Workers COULD invest that 1/13th of their gross salary themselves, but that would have not only given rise to a cage match about WHO would control that pool between workers and employers, it would also have disproportionally give power to the bigger on either side of the fence. Moreover, the chance for any employee to earn that kind of composite rate of return on a then infant/non-existent financial market would be next to zero. Only the establishment of liquid internationally open markets would ensure that probability of getting that would approximate.... zero.

So there was a “method to the madness”, and it was this: such a “mandatory financing” of companies by its employees has a number of positive aspects. First off, there is no specific administrative cost: if you manage payroll, and that's been done for a number of millennia, you can cope with that. Second, it doesn't have a lower size limit and there is no review or renewal. It is not even necessary to do the calculations since these were provided monthly by the finance ministry. Third...it's engineered to provide a financial incentive BOTH to the lender / employee and to the firm employing him or her. 75% of CPI +1,5% looks easy, until it becomes your “liability in your ALM (Asset Liability Management). I can provide a personal recollection of both those aspects, because I was working in Finance in a biggish insurance company in Italy when the government/labor military industrial complex managed to shove defined benefits pension funds down people's throats... and I was actually the one whom the internal powers that be wanted to draw the short stick: manage the “guaranteed” compartment. At the time there was an enormous pressure by authorities to have these units promise to do at least the same performance of that TFR scheme... after fees. And ordinarily, looking at nominal rates, lay people would say it's easy. Strangely enough tough no one volunteered to take that responsibility. The reason was readily apparent when I did what my self preservation instinct imposed. I asked three big international counterparties to price me a total return swap, 100 mln EUR nominal, yearly cliquet, in which I paid EURIBOR flat and they paid, obviously, 75% of Italian CPI + 1,5%. I don't remember the specific number that came back , but it's immaterial since I successfully evaded that job by having in advance told management that the benchmark on which I would be evaluated would have been AFTER that swap cost... which was high enough to get them off my back for the duration.

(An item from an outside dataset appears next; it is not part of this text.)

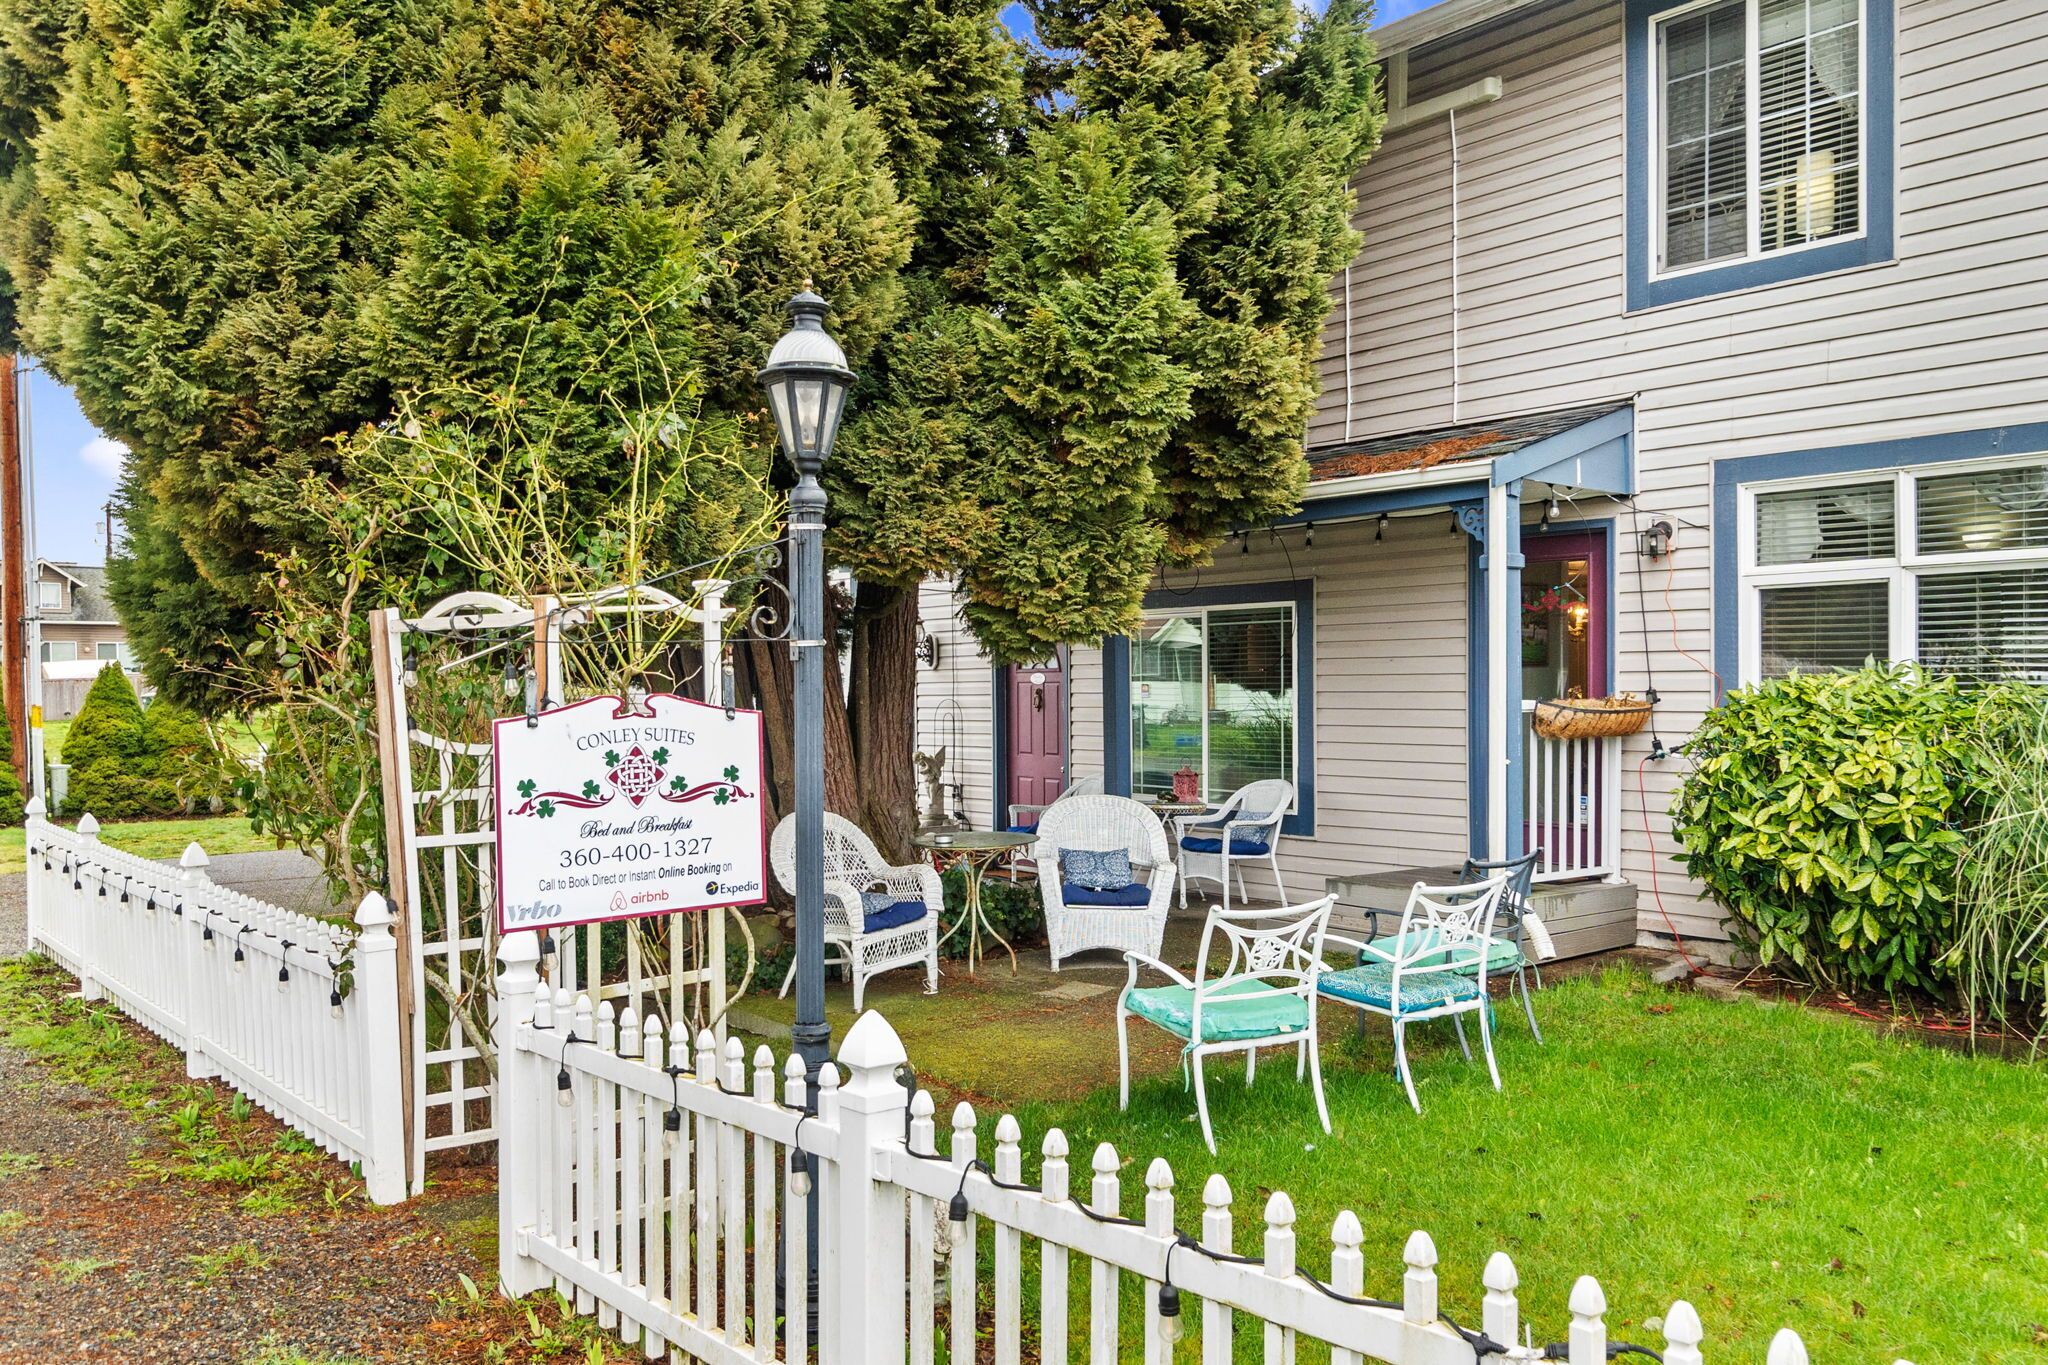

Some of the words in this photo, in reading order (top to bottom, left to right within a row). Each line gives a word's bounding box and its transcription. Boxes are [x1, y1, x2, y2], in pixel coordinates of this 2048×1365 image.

So, it's practically impossible for any worker to invest small amounts in a riskless way and get annual compounding at that rate. But what of the company, why didn't they whine and cry?

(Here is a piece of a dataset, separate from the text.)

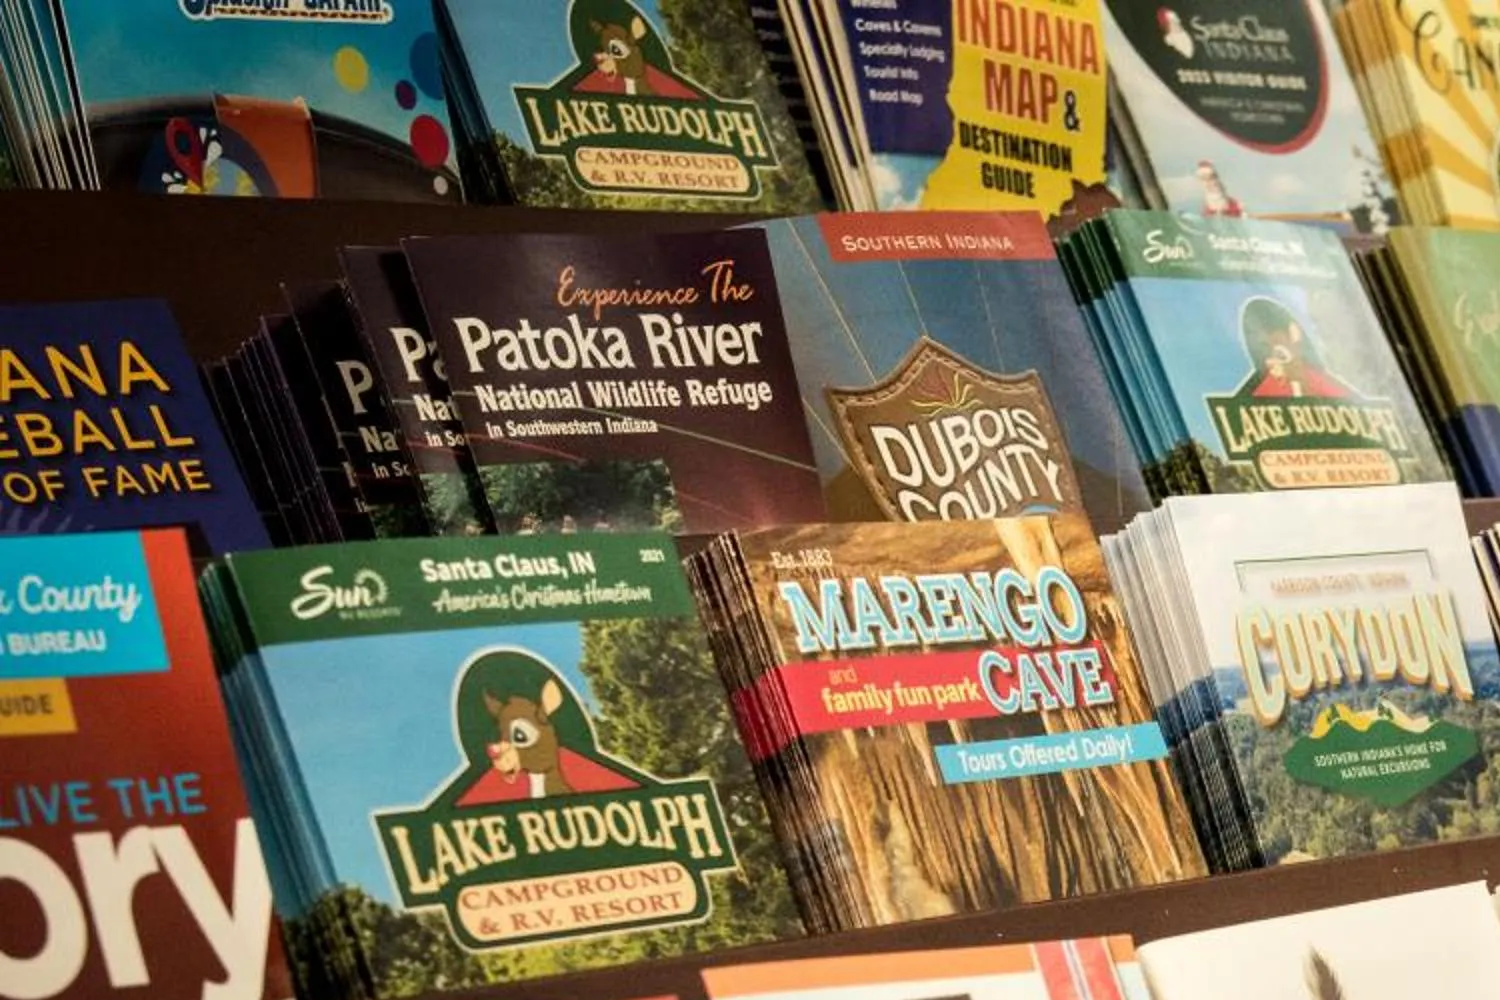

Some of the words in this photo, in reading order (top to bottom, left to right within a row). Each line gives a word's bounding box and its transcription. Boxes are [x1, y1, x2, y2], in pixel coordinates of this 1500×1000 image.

Easy again: if any small company went to any bank requesting a senior unsubordinated loan paying that rate, the bank loan officer would have laughed himself silly. He'd have asked for a rate between twice and five times that interest rate. So, TFR was a marvellous way to disintermediate the banking sector who sits between savers and small corporate debtors, Given failure rates even the insurance payment was not material relative to the problems coming with a bank loan. So its disappearance is but one of the myriad of reasons Italian relative productivity is falling over time: the political galaxy wants to extract ad redistribute resources, at any cost, and growth be damned. In fact the title of this article stems from the fact that I once told an academic friend of mine that a study furthering Reintroducing this TFR could indeed land him a Nobel down the road.

So what happened to TFR? well... it's not there any more. New entrants in the job market are forced to adhere to a "third pillar" defined benefit scheme, fully invested in financial markets, and in some cases real estate. This drew resources OUT of the small /medium enterprises towards government debt / bigger international companies.